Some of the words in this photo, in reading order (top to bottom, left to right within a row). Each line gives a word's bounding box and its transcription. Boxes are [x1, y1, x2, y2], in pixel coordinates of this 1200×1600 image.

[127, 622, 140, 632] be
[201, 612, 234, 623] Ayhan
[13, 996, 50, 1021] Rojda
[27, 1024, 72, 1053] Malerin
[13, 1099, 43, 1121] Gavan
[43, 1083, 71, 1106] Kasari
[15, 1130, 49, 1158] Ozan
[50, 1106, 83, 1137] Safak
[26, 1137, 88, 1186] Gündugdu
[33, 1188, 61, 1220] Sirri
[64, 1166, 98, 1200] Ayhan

::::

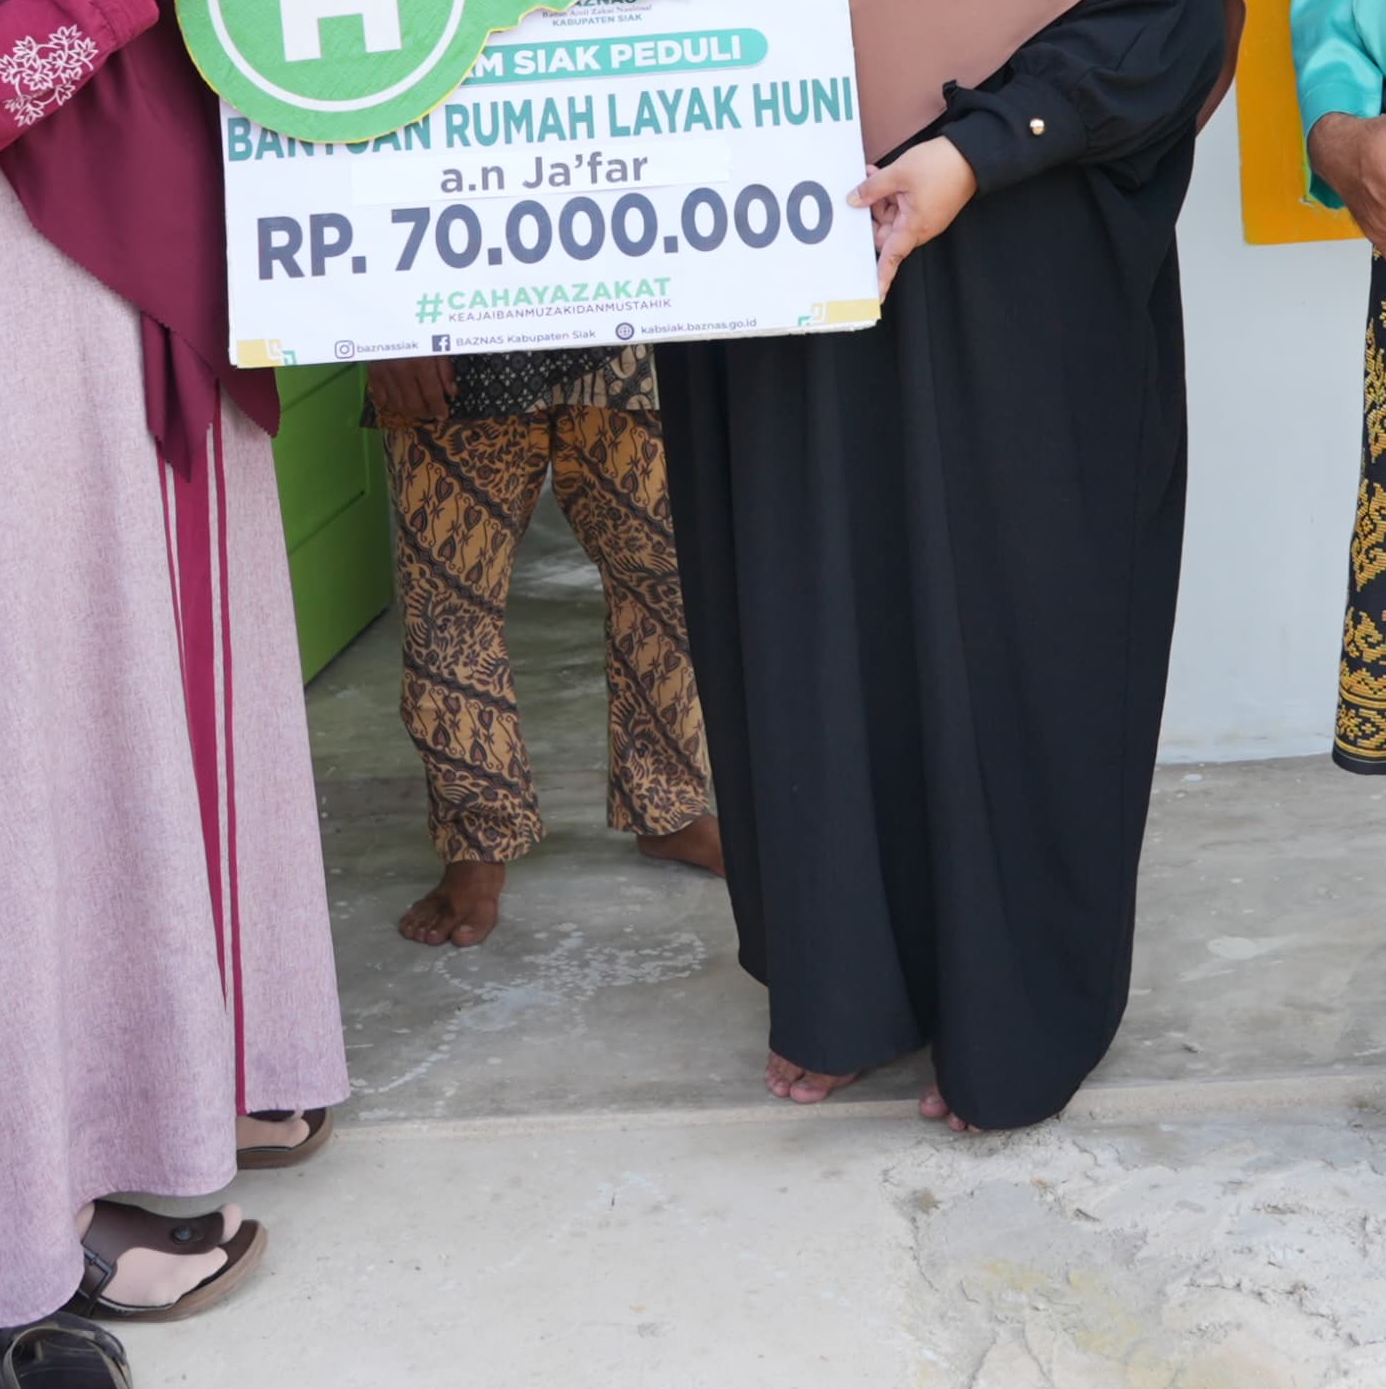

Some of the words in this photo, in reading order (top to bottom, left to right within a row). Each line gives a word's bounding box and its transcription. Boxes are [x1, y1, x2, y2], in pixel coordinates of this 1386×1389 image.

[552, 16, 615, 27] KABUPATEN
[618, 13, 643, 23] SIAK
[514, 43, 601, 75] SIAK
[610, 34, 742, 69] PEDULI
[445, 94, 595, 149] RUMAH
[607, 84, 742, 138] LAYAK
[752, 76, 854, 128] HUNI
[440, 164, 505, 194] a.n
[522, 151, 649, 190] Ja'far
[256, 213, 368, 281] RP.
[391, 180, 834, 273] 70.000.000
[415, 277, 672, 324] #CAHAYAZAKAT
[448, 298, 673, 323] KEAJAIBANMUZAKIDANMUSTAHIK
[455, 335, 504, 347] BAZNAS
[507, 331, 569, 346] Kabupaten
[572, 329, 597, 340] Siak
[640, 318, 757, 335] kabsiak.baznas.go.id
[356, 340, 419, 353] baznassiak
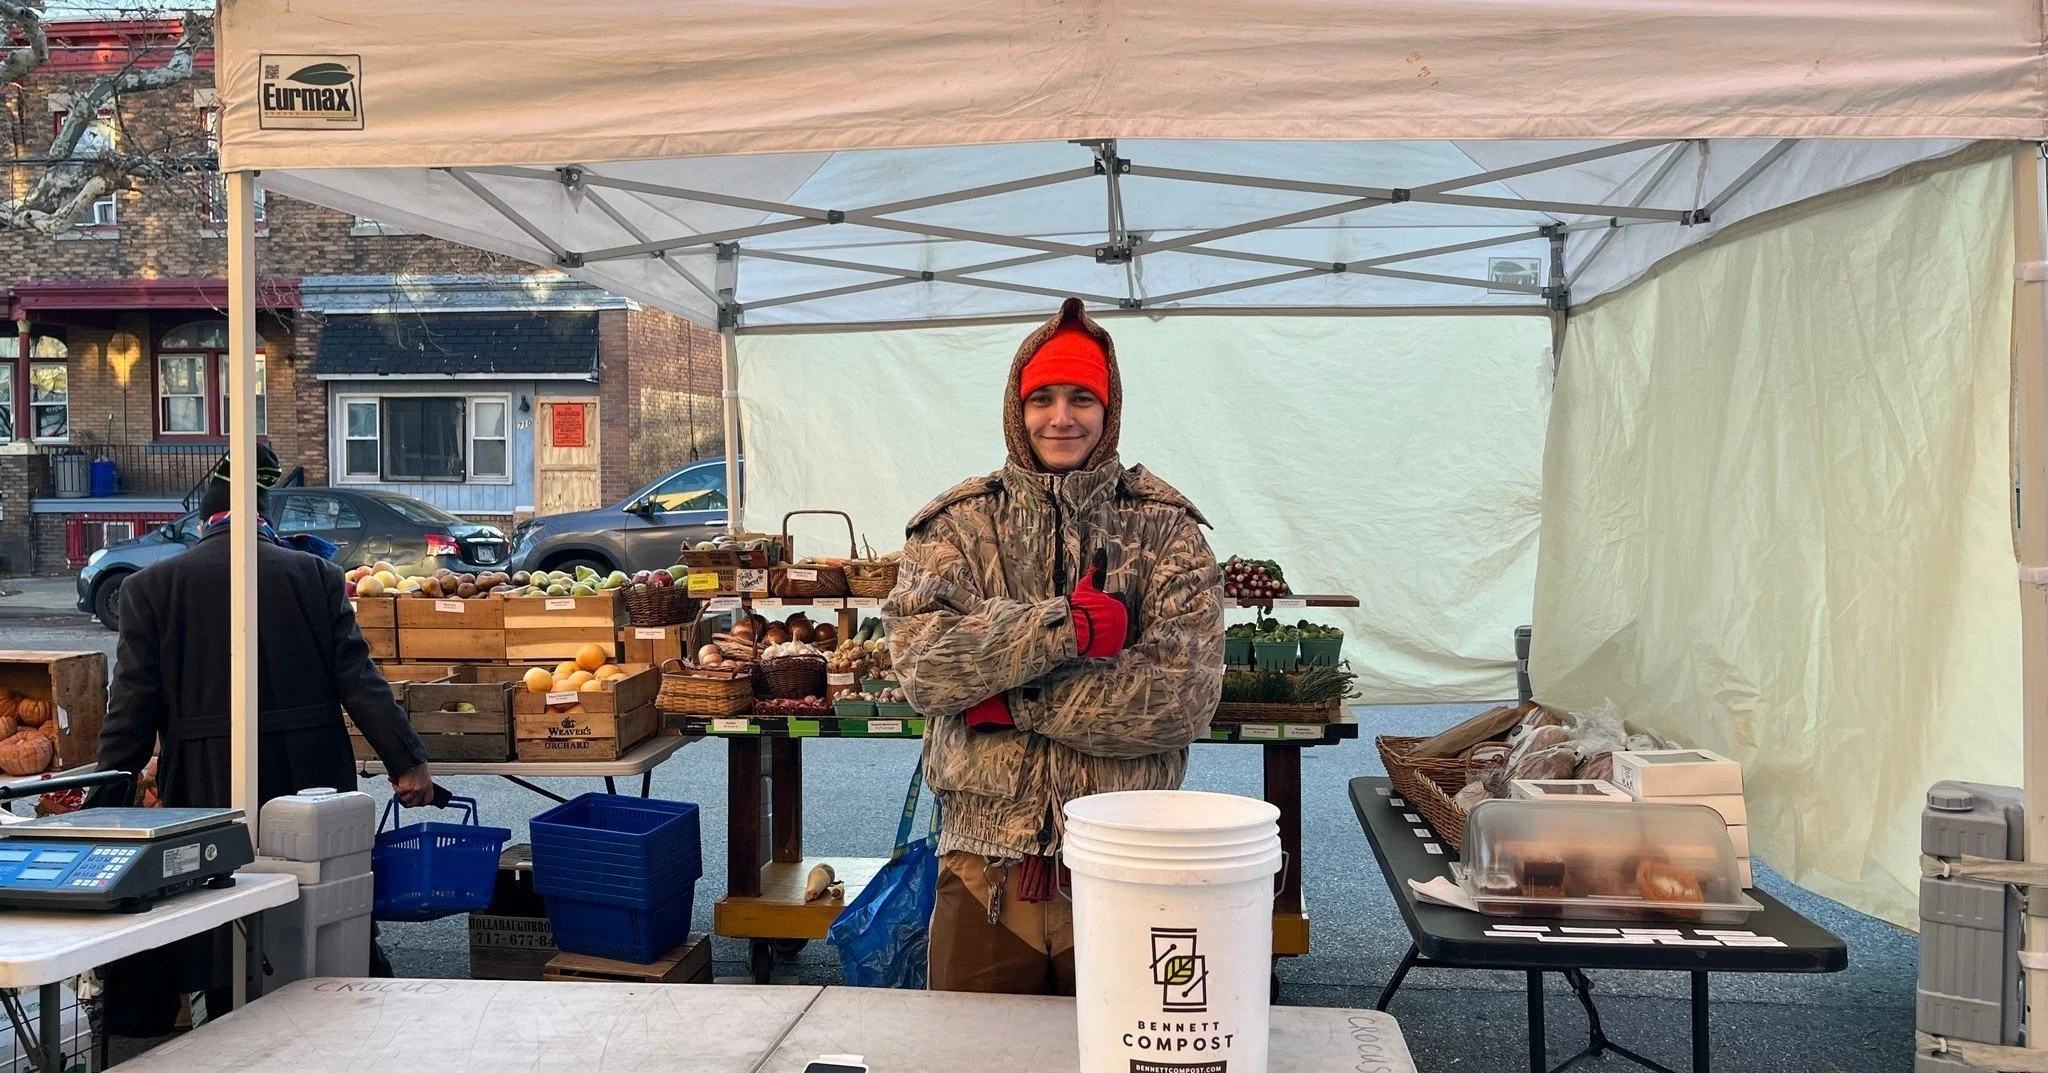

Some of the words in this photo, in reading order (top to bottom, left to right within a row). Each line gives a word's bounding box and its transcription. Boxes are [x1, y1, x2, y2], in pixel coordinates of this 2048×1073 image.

::::

▶ [Exercise description]: Please return the material above only from the line that holds "this 1386×1389 image." through the line that holds "this 2048×1073 image.", exactly as it stands, ends included and pictures omitted.

▶ [Result of the exercise]:
Some of the words in this photo, in reading order (top to bottom, left to right within a row). Each line gives a word's bounding box and its transcription. Boxes are [x1, y1, x2, y2], in pixel coordinates of this 1386×1389 image.

[552, 16, 615, 27] KABUPATEN
[618, 13, 643, 23] SIAK
[514, 43, 601, 75] SIAK
[610, 34, 742, 69] PEDULI
[445, 94, 595, 149] RUMAH
[607, 84, 742, 138] LAYAK
[752, 76, 854, 128] HUNI
[440, 164, 505, 194] a.n
[522, 151, 649, 190] Ja'far
[256, 213, 368, 281] RP.
[391, 180, 834, 273] 70.000.000
[415, 277, 672, 324] #CAHAYAZAKAT
[448, 298, 673, 323] KEAJAIBANMUZAKIDANMUSTAHIK
[455, 335, 504, 347] BAZNAS
[507, 331, 569, 346] Kabupaten
[572, 329, 597, 340] Siak
[640, 318, 757, 335] kabsiak.baznas.go.id
[356, 340, 419, 353] baznassiak

Some of the words in this photo, in reading order (top to bottom, left to right within a row). Each line gives a word's bounding box and its transcription. Boxes are [x1, y1, x2, y2], in pixel coordinates of this 2048×1073 image.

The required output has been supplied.